Work required – Output the listing below exactly, minus its images.

Supplied data –
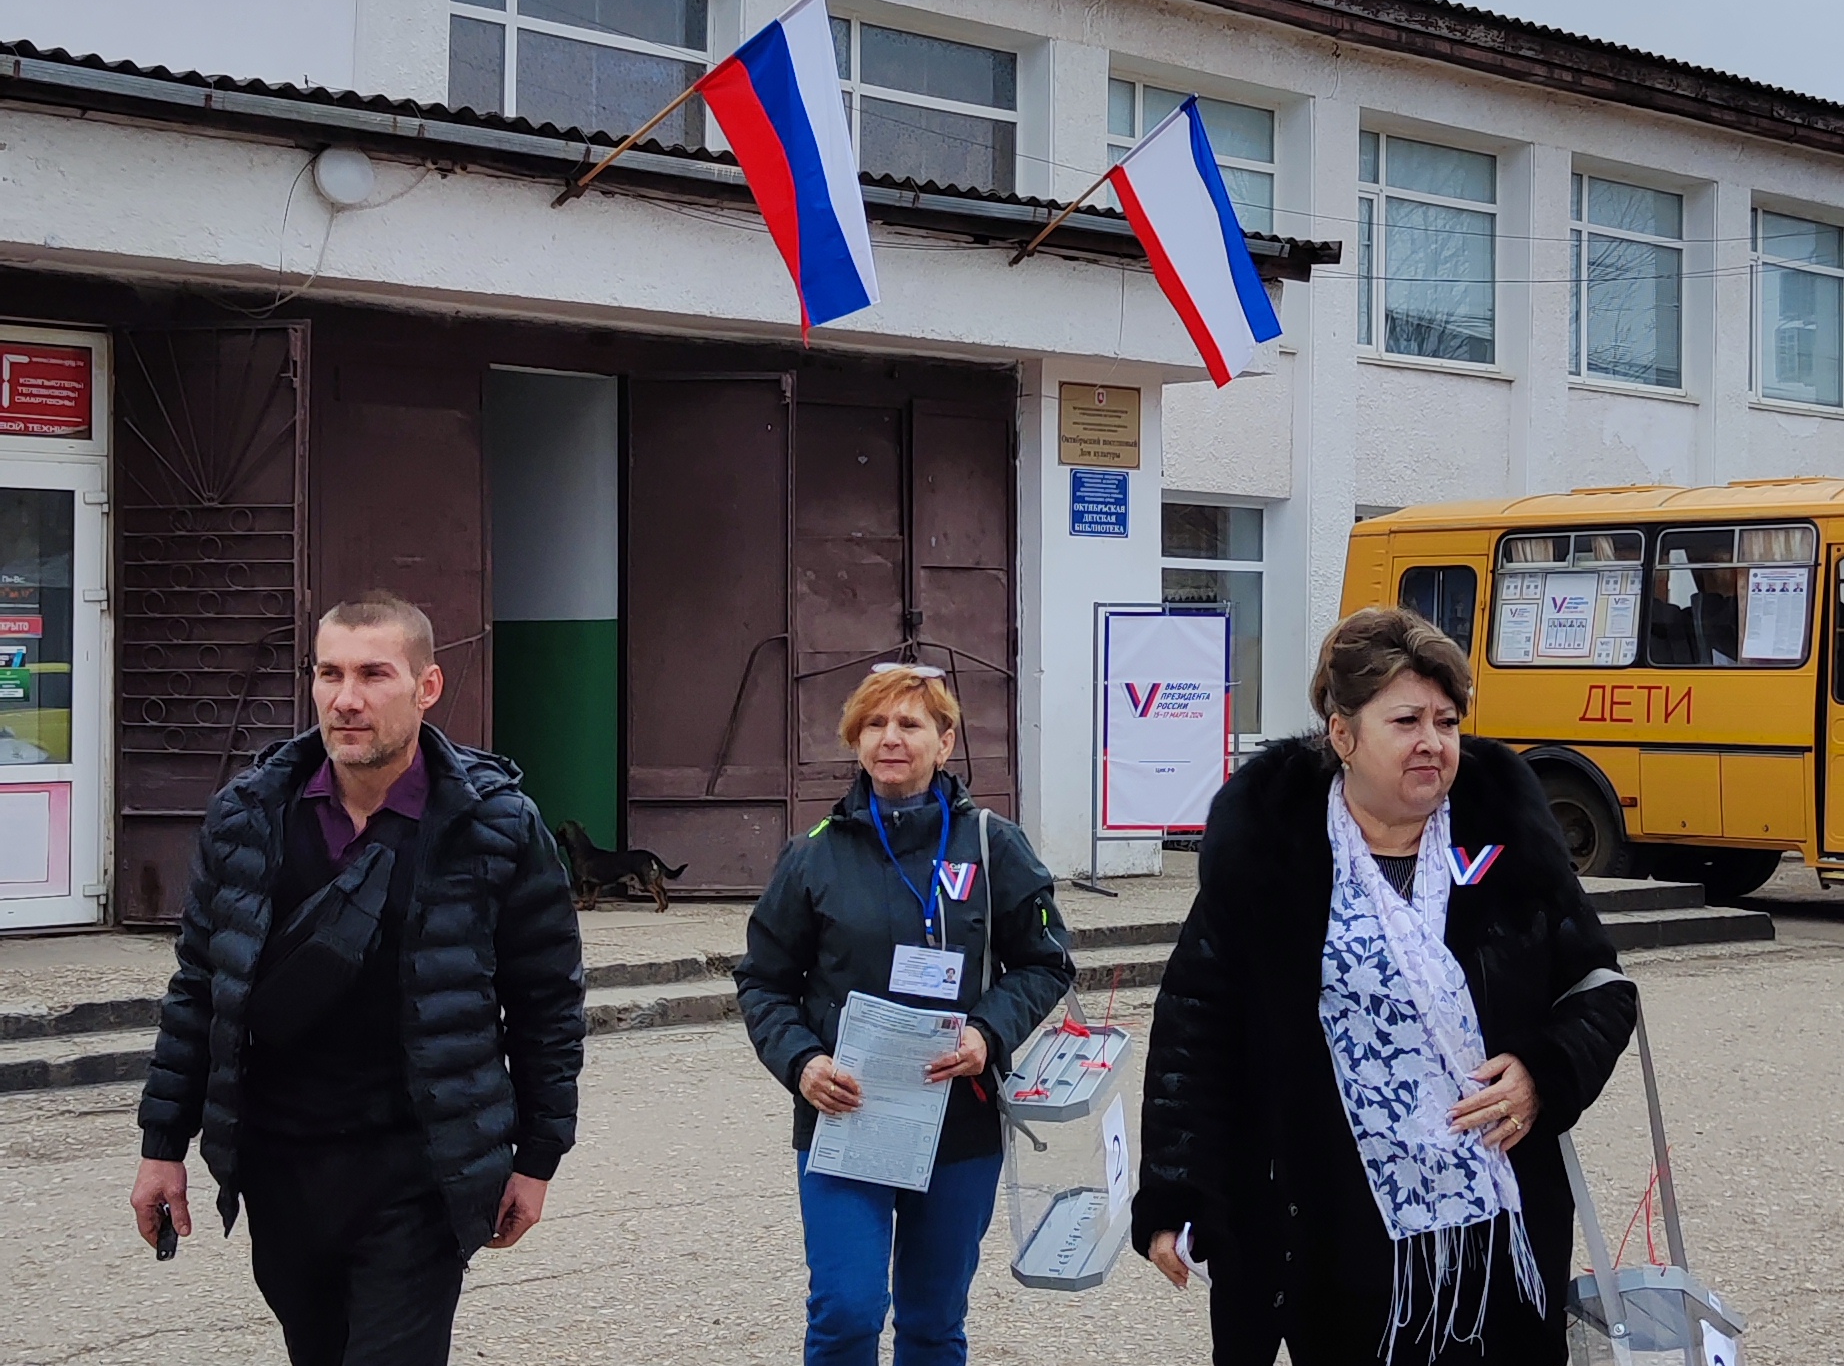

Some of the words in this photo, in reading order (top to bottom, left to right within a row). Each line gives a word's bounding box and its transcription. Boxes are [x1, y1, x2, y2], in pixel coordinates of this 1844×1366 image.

[1073, 502, 1126, 513] ОКТЯБРЬСКАЯ
[1082, 513, 1116, 523] ДЕТСКАЯ
[1074, 523, 1125, 533] БИБЛИОТЕКА
[1164, 682, 1201, 691] ВЫБОРЫ
[1160, 692, 1211, 701] ПРЕЗИДЕНТА
[1156, 702, 1189, 710] РОССИИ
[1578, 684, 1692, 725] ДЕТИ
[1112, 1134, 1123, 1186] 2

The completed task –
Some of the words in this photo, in reading order (top to bottom, left to right within a row). Each line gives a word's bounding box and its transcription. Boxes are [x1, y1, x2, y2], in pixel coordinates of this 1844×1366 image.

[1073, 502, 1126, 513] ОКТЯБРЬСКАЯ
[1082, 513, 1116, 523] ДЕТСКАЯ
[1074, 523, 1125, 533] БИБЛИОТЕКА
[1164, 682, 1201, 691] ВЫБОРЫ
[1160, 692, 1211, 701] ПРЕЗИДЕНТА
[1156, 702, 1189, 710] РОССИИ
[1578, 684, 1692, 725] ДЕТИ
[1112, 1134, 1123, 1186] 2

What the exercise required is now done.